Head of the Charles OAR-verheards

This weekend brought perfect fall weather, the emergence of pumpkin spice treats, and thousands of people descending upon the Charles in their Patagonias, Vineyard Vine vests, and L.L. Bean boots to watch the Head of the Charles — because wearing anything else to a rowing event in New England would be classified as a felony.
Armed with our free TopoChico drinks, we wandered along the Charles to watch HOCR, grab as many free items as possible, and eavesdrop on all the conversations happening. Here is our collection of our favorite quotes from random passersby during HOCR — because no one is truly ever safe from our *crew.*
“Aw… look at that future investment banker!! He has a better shot at getting a Goldman Sachs offer than I do,” upon seeing a three-year-old child dressed in Patagonia head-to-toe.

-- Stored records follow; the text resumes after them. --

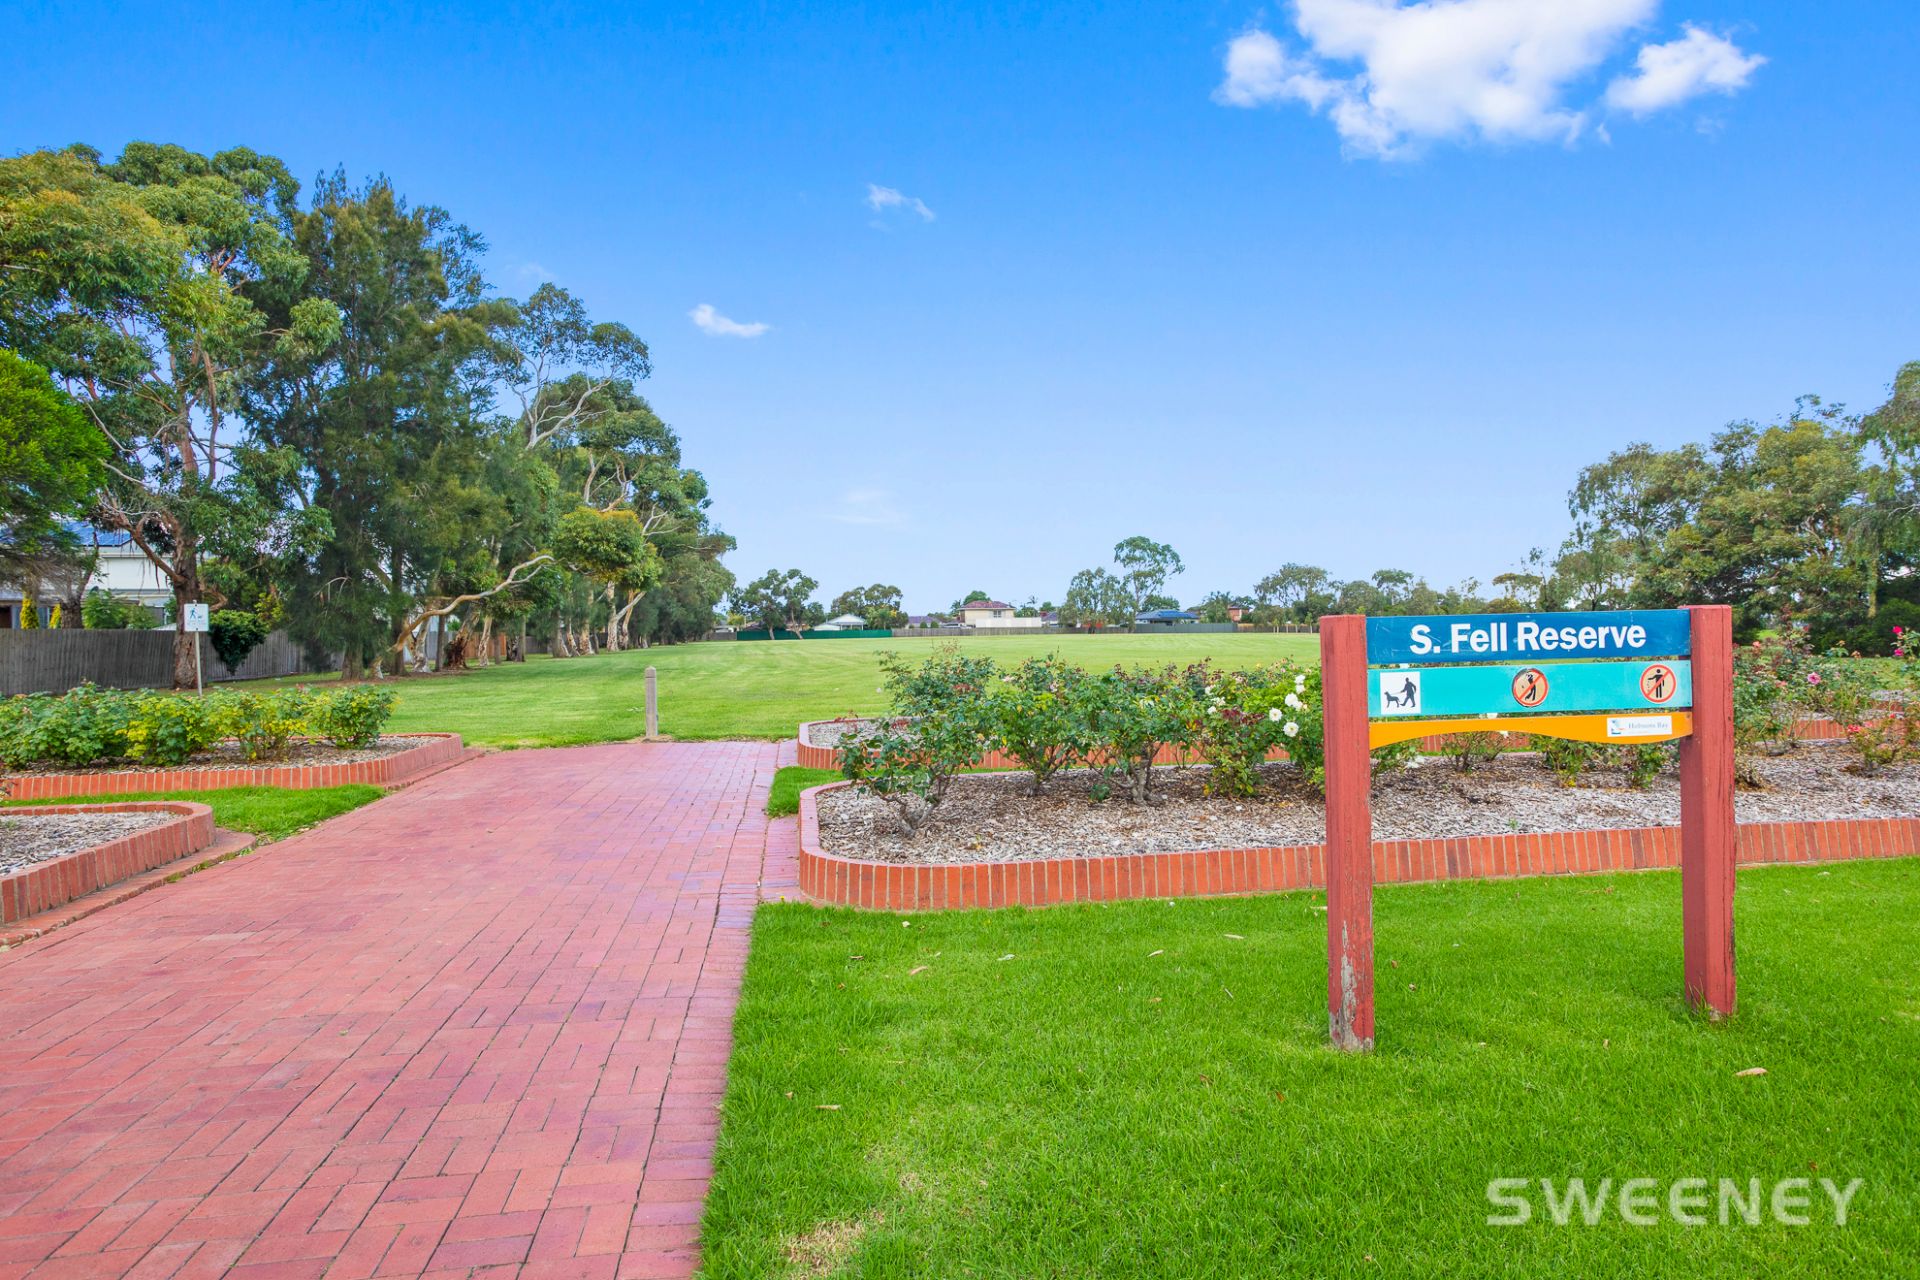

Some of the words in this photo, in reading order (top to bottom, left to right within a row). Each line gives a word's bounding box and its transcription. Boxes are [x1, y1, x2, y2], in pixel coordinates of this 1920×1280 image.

[1410, 624, 1441, 654] S.
[1451, 622, 1507, 653] Fell
[1517, 622, 1646, 651] Reserve
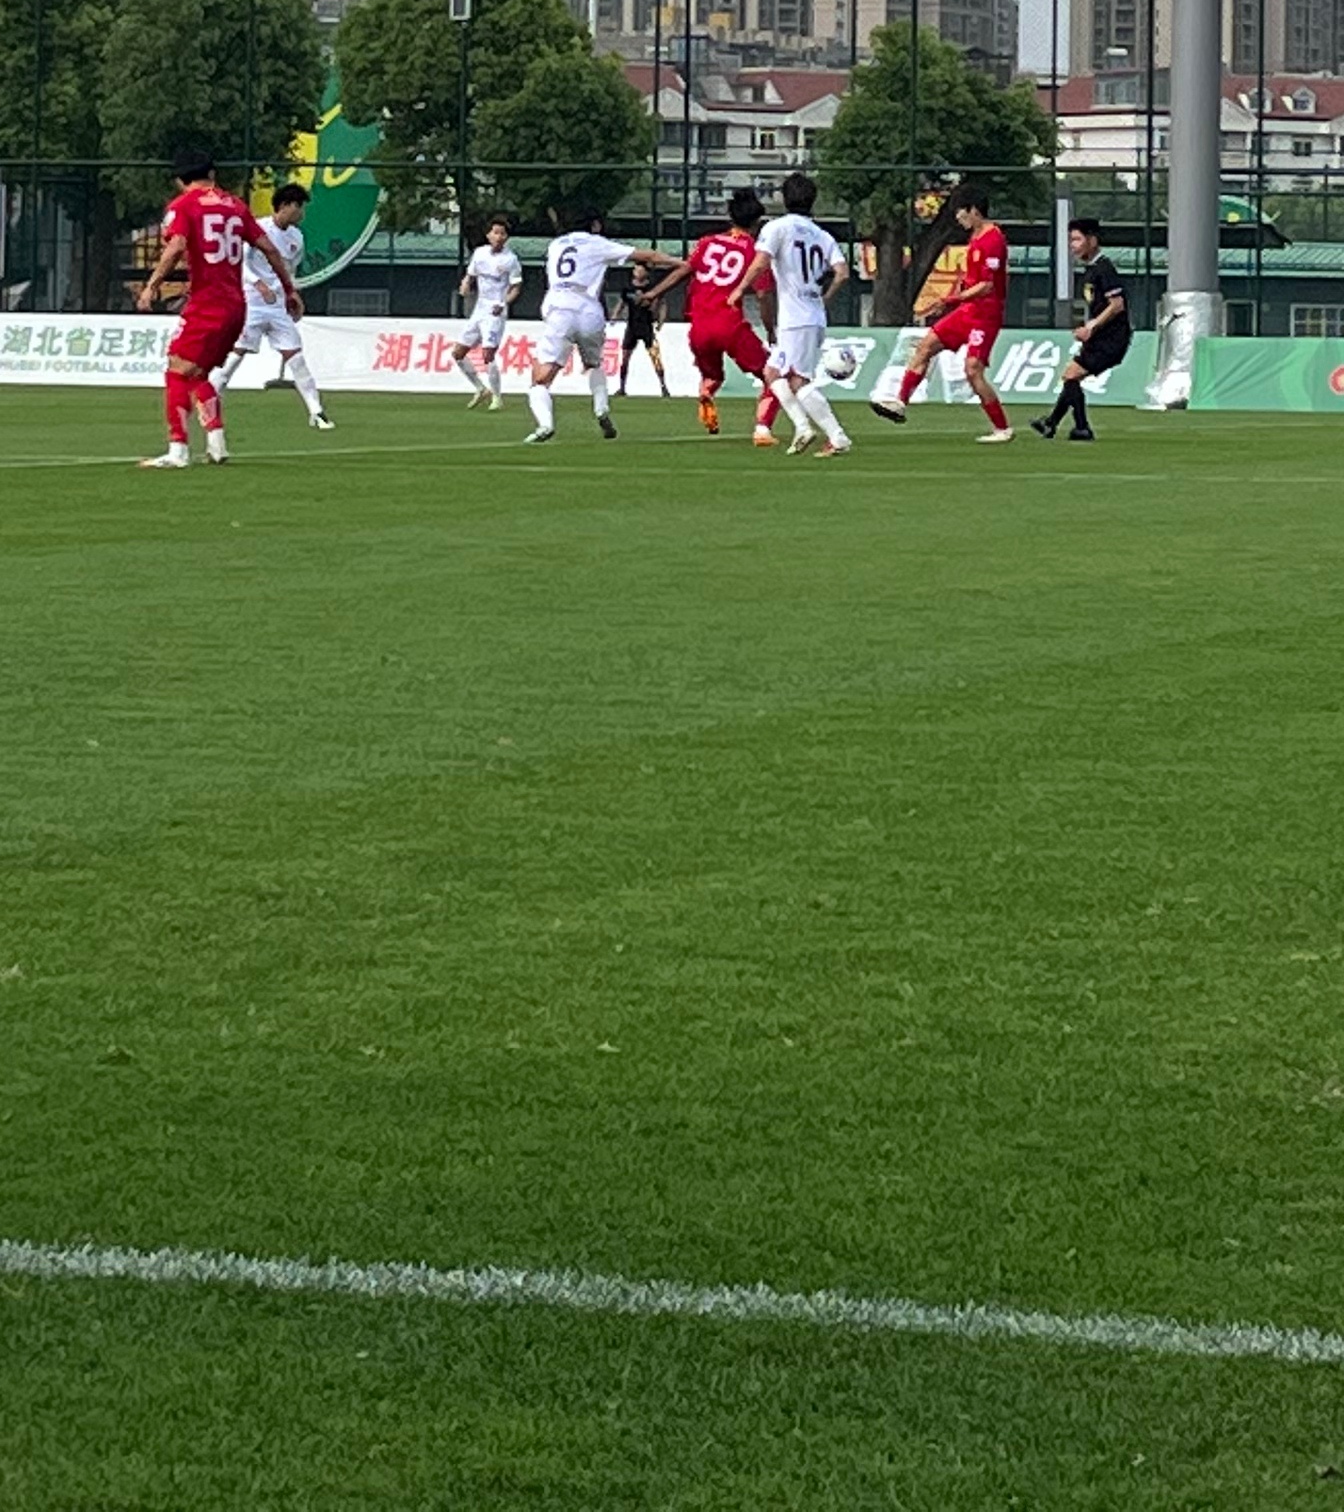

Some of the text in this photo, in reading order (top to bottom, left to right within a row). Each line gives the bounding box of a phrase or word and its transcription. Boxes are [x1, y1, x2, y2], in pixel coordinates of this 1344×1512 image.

[202, 213, 244, 265] 56
[556, 246, 578, 279] 6
[695, 242, 745, 286] 59
[793, 240, 825, 285] 10
[45, 360, 117, 374] FOOTBALL

“A very emotionally mature man is like a mid female at best… I would never go for any of the rowers here.” Honestly… we agree… but we have questions. So many questions.

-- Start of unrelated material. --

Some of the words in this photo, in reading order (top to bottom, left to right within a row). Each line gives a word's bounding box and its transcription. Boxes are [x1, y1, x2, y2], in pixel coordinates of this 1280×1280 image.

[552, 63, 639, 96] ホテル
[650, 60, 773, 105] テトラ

“Cigarettes over crack? Really??”
“Well, which one do you think is more economical?” This calls for a Pareto efficiency curve.
“I hate podcasts… why would I want to listen to more voices in my head?” Should we check in?
"I'm feeling really row-mantic right now." Unfortunately for this young chap, chivalry is in fact dead. His girlfriend, whom he tried to hold hands with while saying this, proceeded to walk away. Womp womp.
“Do you think a tornado is rigid or flexible?” You’re confused??? Us too. Honestly, I’d place my bets on rigid.
“Wait, so the boats just… go? And then come back? And that’s it?” Two guys who were a bit confused about why thousands of people came to watch random kids in boats race.
Here at Flyby, we had a great time listening to the Head of the Charles crowd make waves. Hope you did too, and see you by the river next year.